The null hypothesis assumes no difference between groups .Testing Data normality revealed non non-normal distribution so I opted for the Mann Whitney , but testing for Levene Homogeneity of Variance and Box plots showed unequal distribution . does that mean I should accept the null ? or do I have to proceed with other test ?
(1) "Accepting" the null is misleading wording anyway (despite being used all over the place) as not rejecting a null hypothesis never means that it is true anyway.
(2) To some extent this depends on what you are interested in. The Wilcoxon MW test will compare rank sums between two groups. The distribution of the test statistic is computed assuming that both distributions are the same, but null hypotheses are never perfectly fulfilled anyway. So you are well "within your rights" to use the test and interpret the result as follows:
Reject: Rank sums are significantly more different than to be expected if distributions were equal, so there is evidence that one distribution tends to produce larger values than the other.

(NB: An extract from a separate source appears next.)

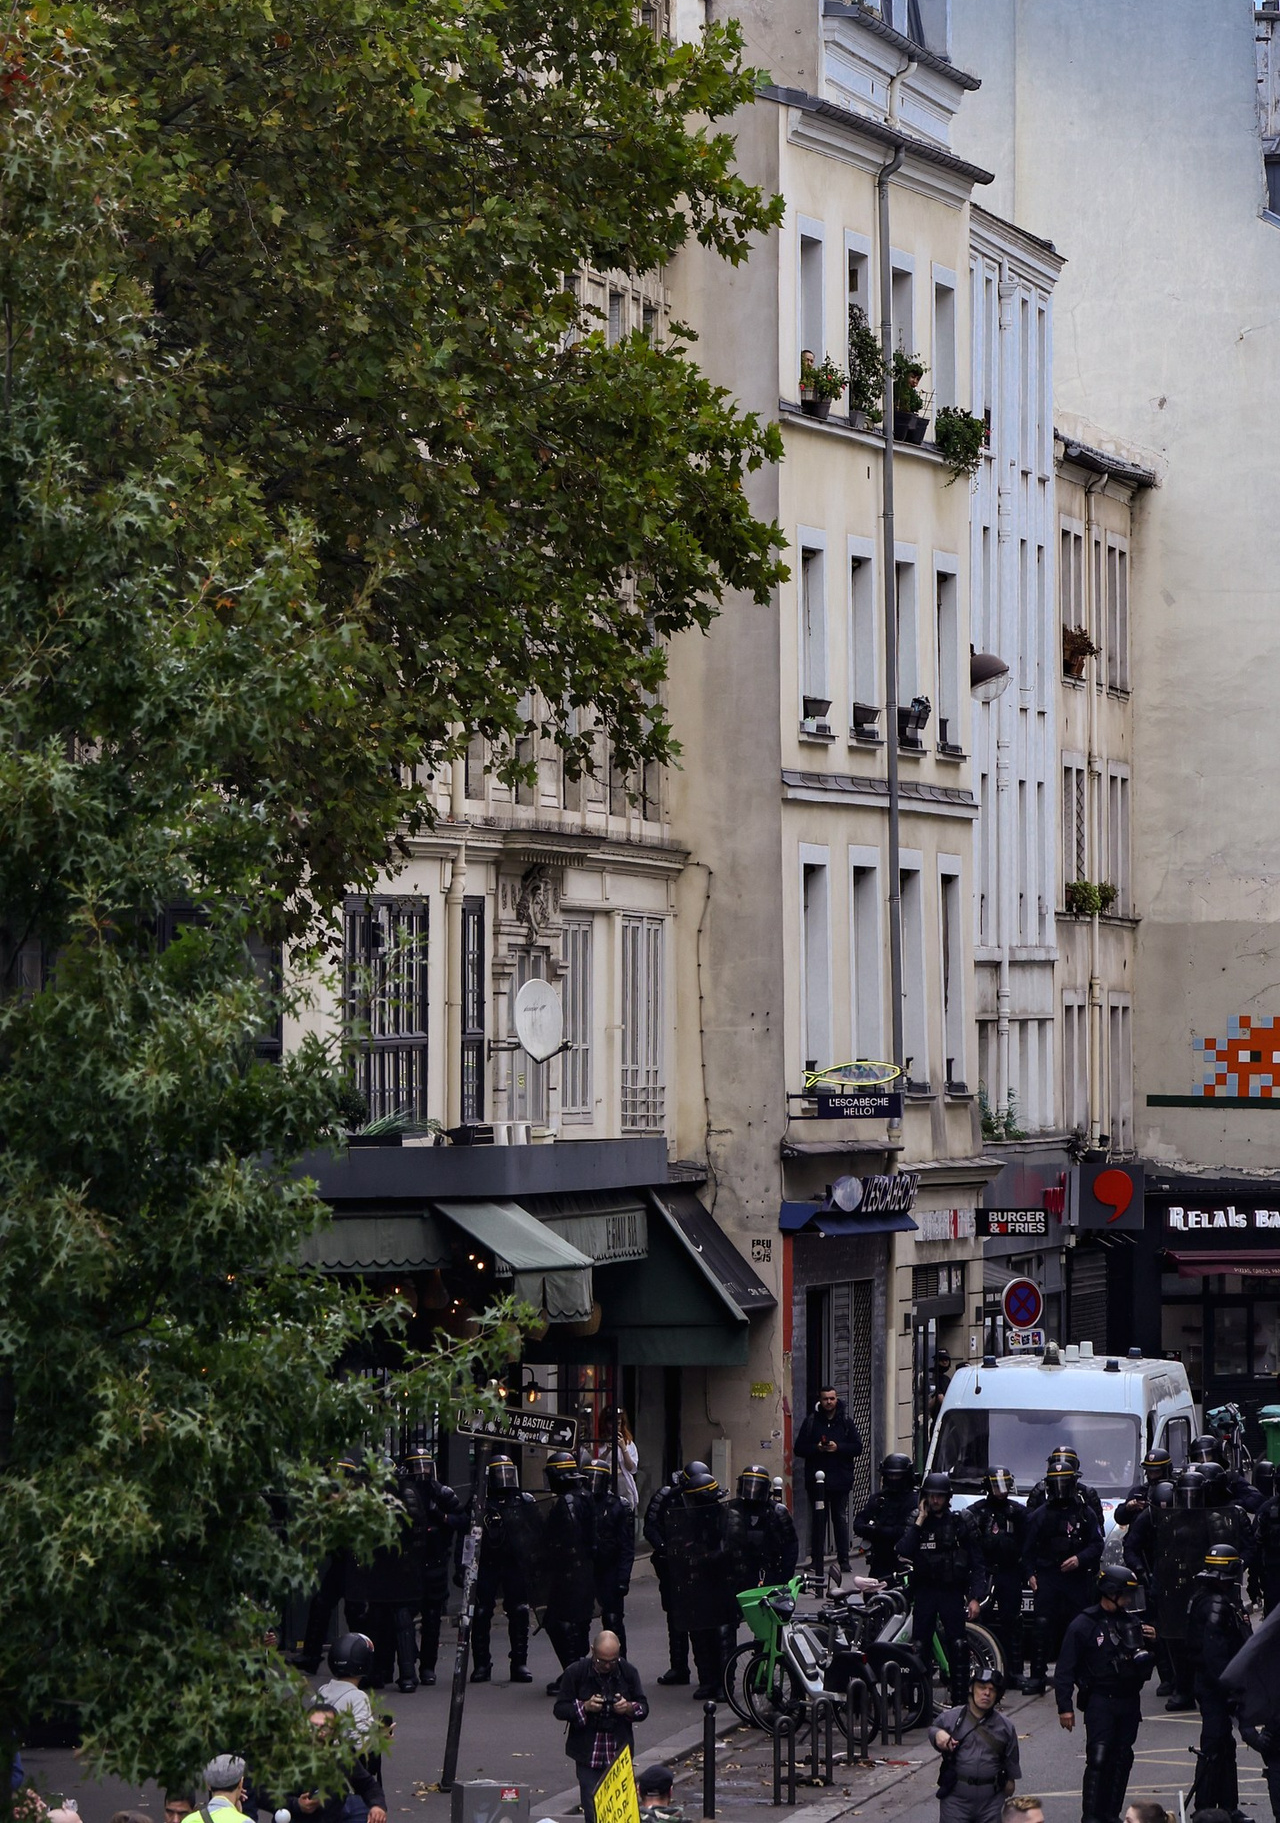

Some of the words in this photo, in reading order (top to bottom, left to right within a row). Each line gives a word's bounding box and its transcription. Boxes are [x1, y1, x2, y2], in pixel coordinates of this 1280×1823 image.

Not reject: The rank sum difference between the groups is not clearly different from what would be expected under equal distributions, so there is no evidence that one distribution produces systematically larger values than the other. This does not mean that distributions are the same, neither does it provide evidence in favour of this. In fact we can see that distributions are not the same, however the test result shows that despite an obvious difference in variation, there may not be any clear difference regarding which distribution generally tends to produce larger values.
So if you're interested in making a statement about whether one group generally produces larger values than the other (in terms of rank sums), and you are not interested in differences in variation, I'd say you can still use the test, although it may be somewhat risky as the way I am putting things here seems nonstandard in the literature and some may find it dodgy.
PS: This generalises to the Kruskal Wallis test for more than two groups.
PPS: As rightly pointed out in a comment, in case of outliers in the data Wilcoxon WM is usually preferable to a t-test based on normality, because the former gives the outliers less influence, same Kruskal-Wallis.